At times, the Canadian and U.S. governments may end up sharing costs on border upgrades, Transport Minister Marc Garneau said during his July 4 announcement. In other cases, he said, it may be Canadian taxpayers footing the bill alone, such as is the case with the Gordie Howe bridge between Windsor, Ont., and Detroit.
Without the planned spending, however, cargo could get caught up in bottlenecks at bridges, tunnels and ports, putting businesses in both countries in peril, Garneau warned a business audience that included the acting American ambassador.
“We must remember that we can have the best quality products and the most ambitious trade agreements in the world, but none of that will matter if we don’t move our goods efficiently and reliably to markets,” he said in a luncheon speech.
“Our customers can always look elsewhere for their needs.”
He pointed to the auto sector, where parts come from both countries and a car crosses the border multiple times before it is sold to consumers.

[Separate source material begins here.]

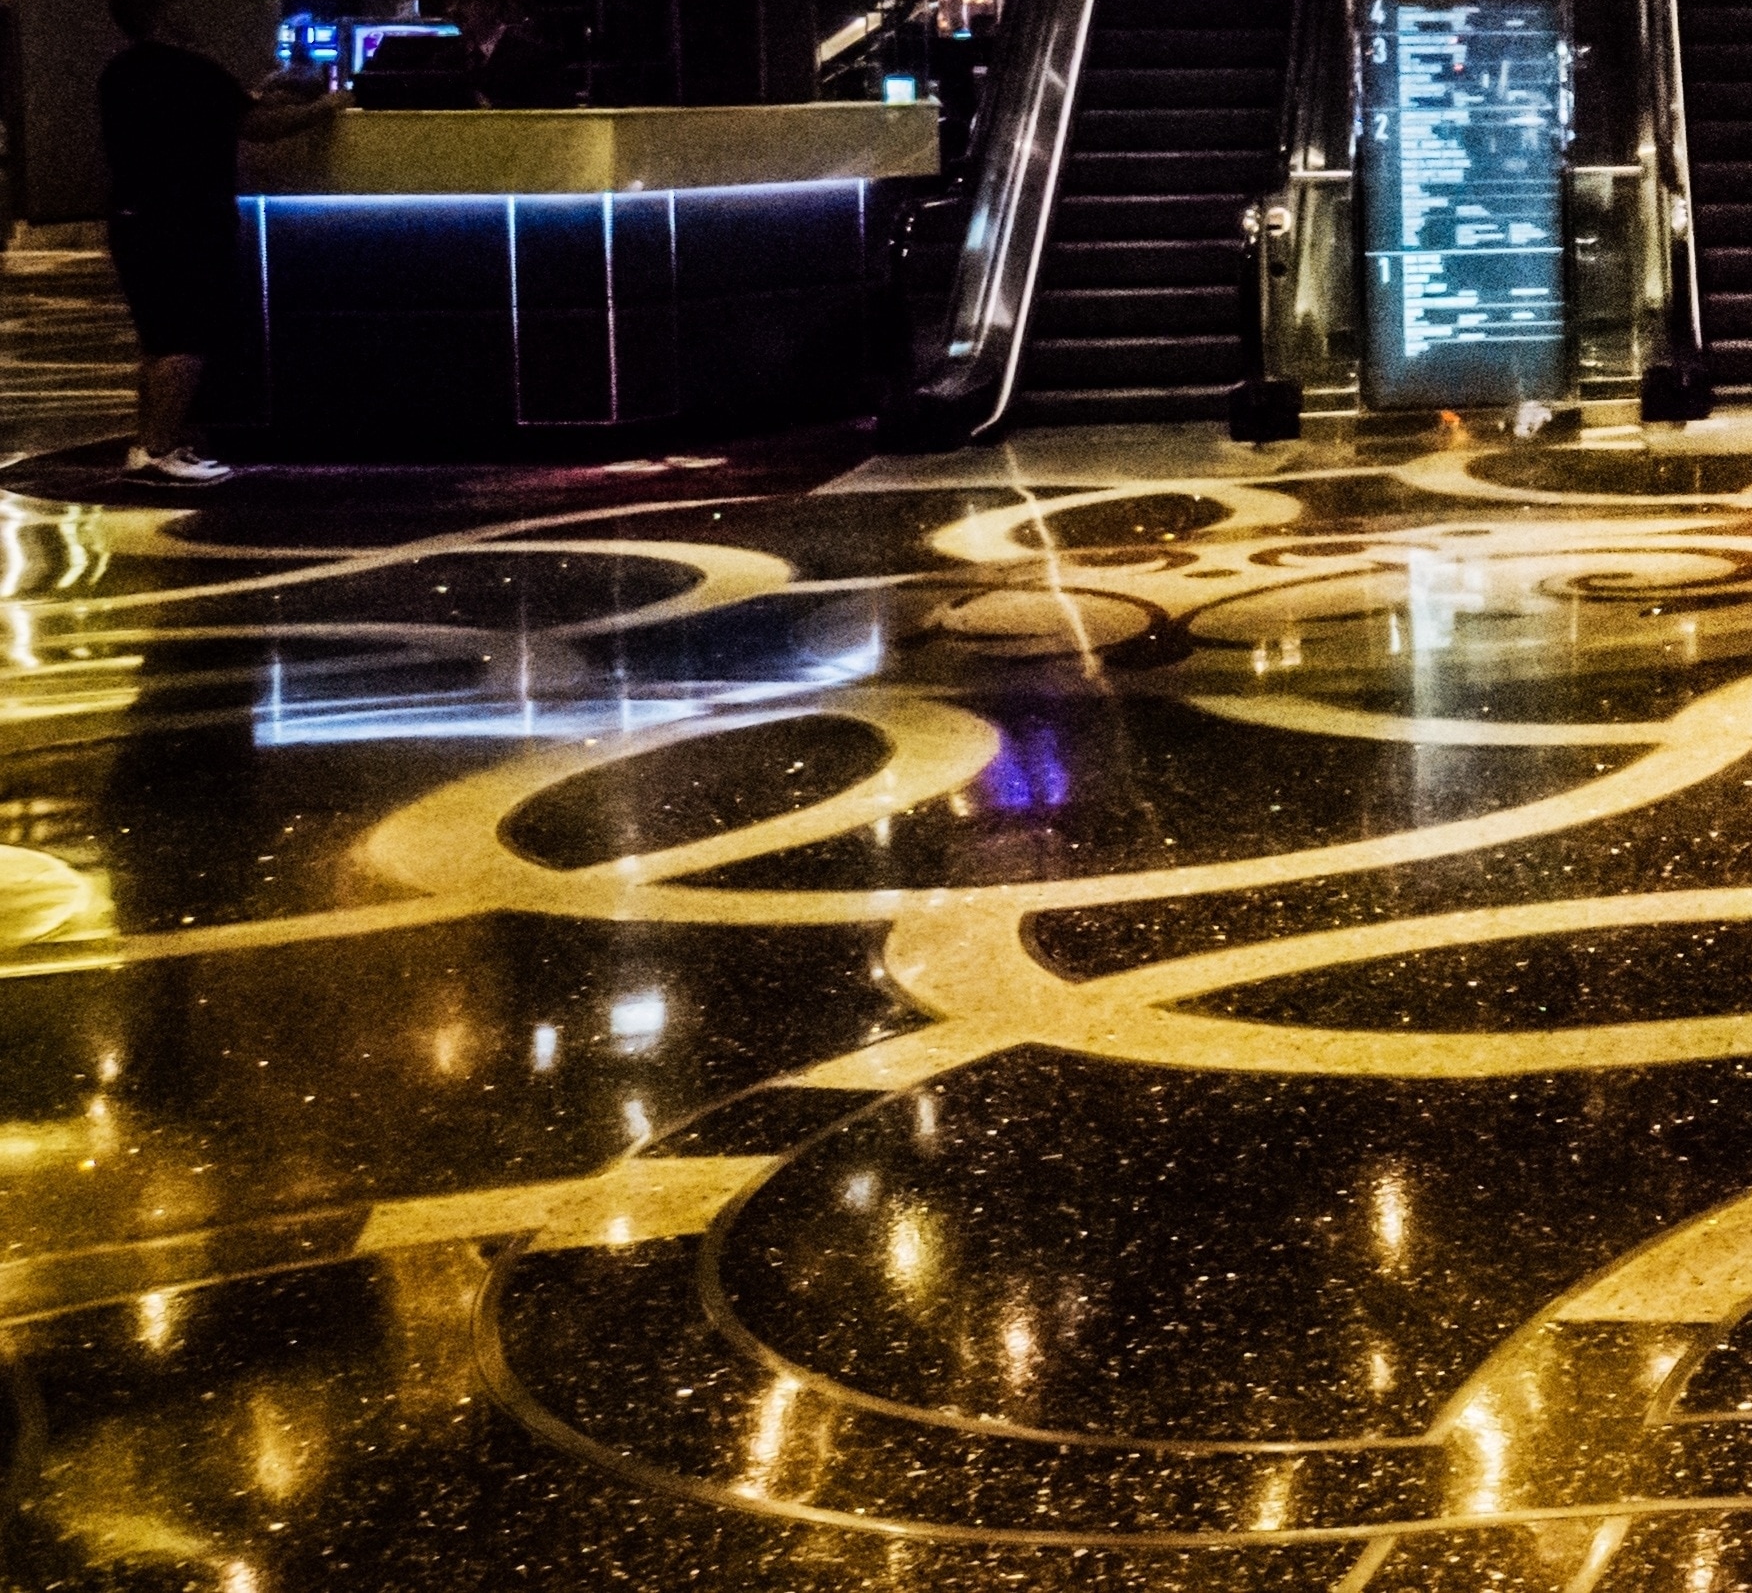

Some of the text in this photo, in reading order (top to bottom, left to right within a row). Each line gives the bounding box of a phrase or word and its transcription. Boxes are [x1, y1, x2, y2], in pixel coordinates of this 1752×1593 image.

[1372, 36, 1387, 63] 3
[1374, 113, 1389, 140] 2
[1378, 257, 1390, 283] 1

“That car is as Canadian as it is American, and the process to get it into your driveway keeps people employed on both sides of the border, and so those trade corridors have to keep working too.”

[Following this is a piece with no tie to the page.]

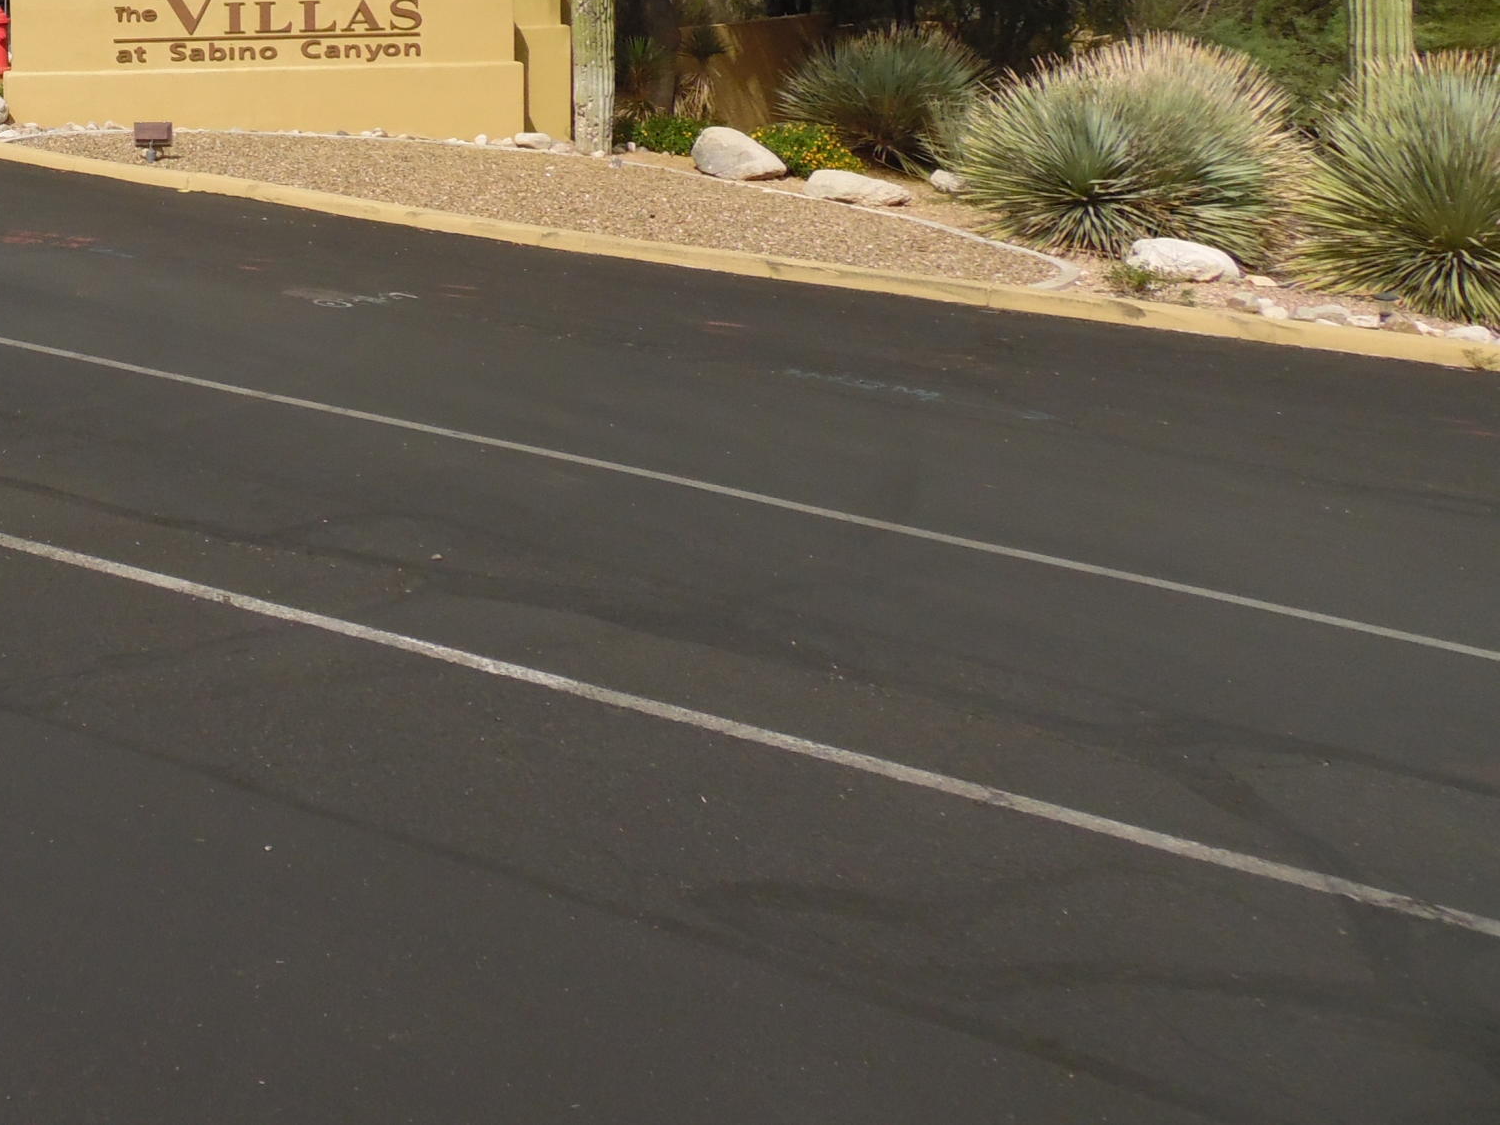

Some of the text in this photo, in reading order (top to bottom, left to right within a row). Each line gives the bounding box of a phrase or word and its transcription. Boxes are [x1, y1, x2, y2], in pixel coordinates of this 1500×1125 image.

Speaking later with reporters, Garneau played down any suggestion that he was trying to push back against protectionist sentiments from the Trump administration, which is marking its first Independence Day in office and is looking to renegotiate the North American Free Trade Agreement in the coming months.
The $2-billion fund announced July 4 will go to projects that will have the biggest impact on more easily moving goods and people around the country and over borders. Proponents will be able to provide their proposals by Sept. 5, with funding to start coming out early next year.
Garneau said other projects the government will consider funding are those that mitigate the effects climate change and severe weather might have on transportation routes.
“There will be more projects than there is money and some of it will be laid out over a number of years,” he said.
“We want to go with the most urgent and most important (projects) as early as possible.”
Of that $2 billion, the government plans to set aside $400 million towards transportation in the North, where there are few paved runways that limit the type of planes that can fly in, increasing the costs of everyday goods.
There will also be $50 million set aside over five years to cover the cost of writing new regulations to deal with the proliferation of recreational drones, and self-driving cars that are already being tested. A further $50 million will also go to data collection so that shippers, drivers and transportation officials know where cargo is at any given time, to more easily move goods and identify areas for investments.
The money announced Tuesday is part of $10.1 billion in planned spending over the next 11 years on trade and transportation corridor projects.
About half of that money, $5 billion, will flow to projects through the soon-to-be-created infrastructure bank. The bank will use federal cash to try and leverage private investment to help pay for projects that can generate revenue and provide a profit to private investors.